● Dataset records
===

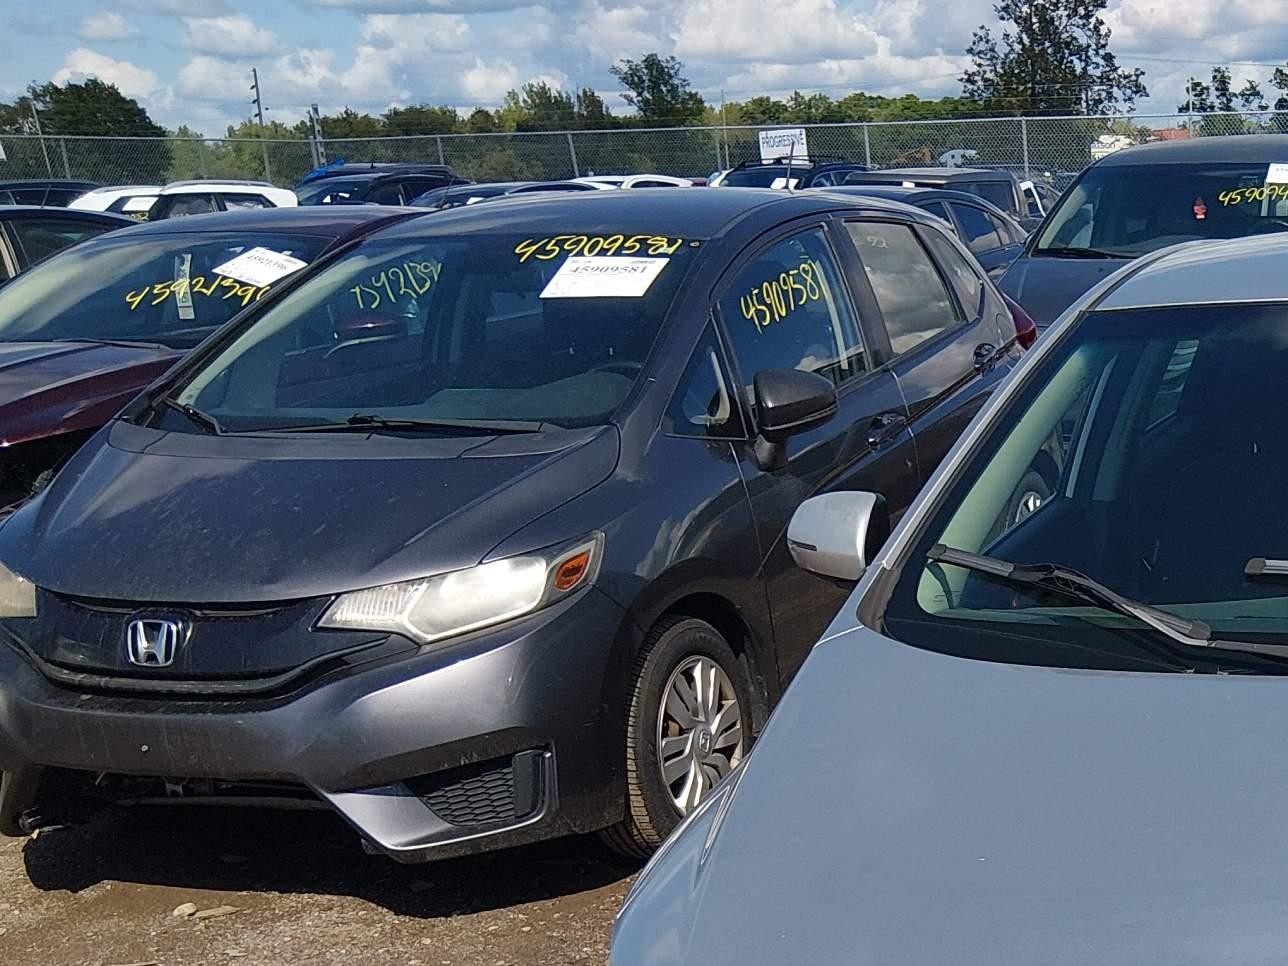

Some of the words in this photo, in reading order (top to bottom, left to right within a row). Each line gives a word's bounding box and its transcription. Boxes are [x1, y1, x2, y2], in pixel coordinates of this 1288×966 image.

[514, 234, 683, 263] 45909581
[569, 265, 648, 274] 45909581
[740, 259, 827, 334] 45909581
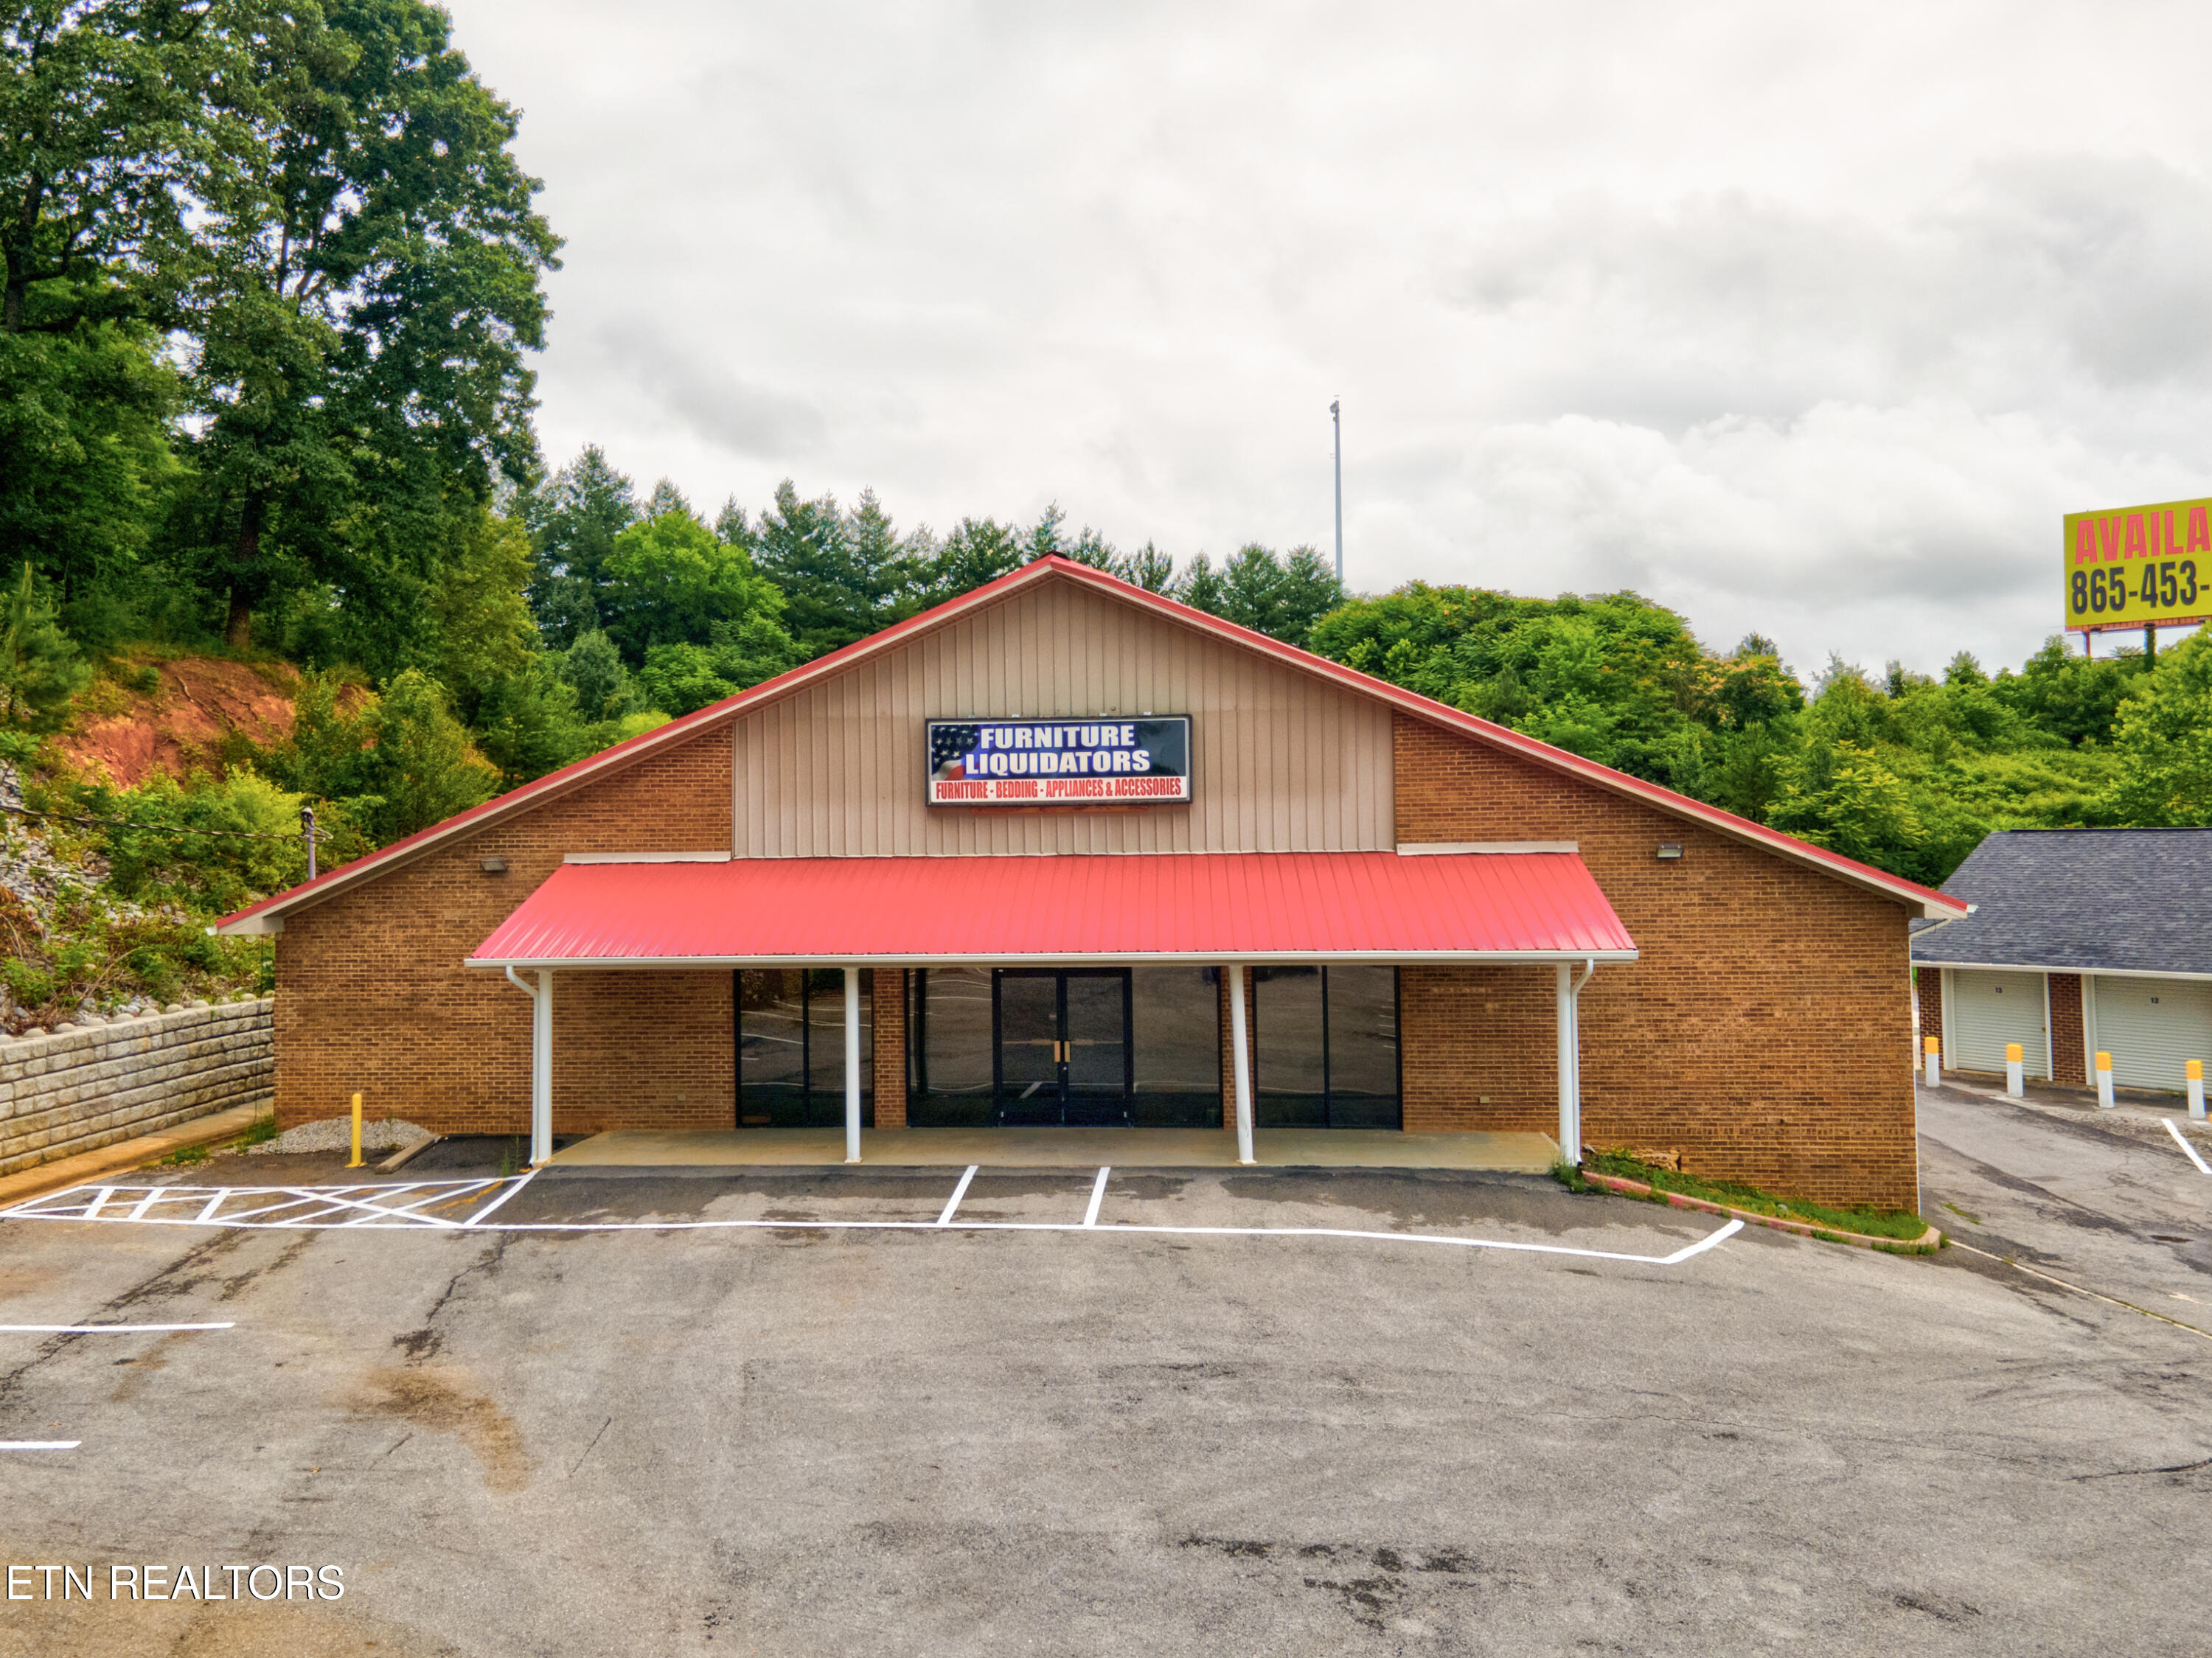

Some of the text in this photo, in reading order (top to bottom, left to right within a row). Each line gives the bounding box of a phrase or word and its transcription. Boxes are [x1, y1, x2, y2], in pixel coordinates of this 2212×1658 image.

[2075, 506, 2211, 565] AVAILA
[2071, 560, 2210, 615] 865-453-
[981, 725, 1135, 749] FURNITURE
[965, 750, 1150, 776] LIQUIDATORS
[936, 781, 988, 799] FURNITURE
[996, 781, 1038, 798] BEDDING
[1046, 779, 1104, 798] APPLIANCES
[1106, 781, 1113, 796] &
[1115, 778, 1181, 796] ACCESSORIES

===

● Problem
Copy the records exactly. Skip the images.

● Solution to this task
Some of the words in this photo, in reading order (top to bottom, left to right within a row). Each line gives a word's bounding box and its transcription. Boxes are [x1, y1, x2, y2], in pixel coordinates of this 1288×966 image.

[514, 234, 683, 263] 45909581
[569, 265, 648, 274] 45909581
[740, 259, 827, 334] 45909581

Some of the text in this photo, in reading order (top to bottom, left to right within a row). Each line gives the bounding box of a phrase or word and its transcription. Boxes are [x1, y1, x2, y2], in pixel coordinates of this 2212×1658 image.

[2075, 506, 2211, 565] AVAILA
[2071, 560, 2210, 615] 865-453-
[981, 725, 1135, 749] FURNITURE
[965, 750, 1150, 776] LIQUIDATORS
[936, 781, 988, 799] FURNITURE
[996, 781, 1038, 798] BEDDING
[1046, 779, 1104, 798] APPLIANCES
[1106, 781, 1113, 796] &
[1115, 778, 1181, 796] ACCESSORIES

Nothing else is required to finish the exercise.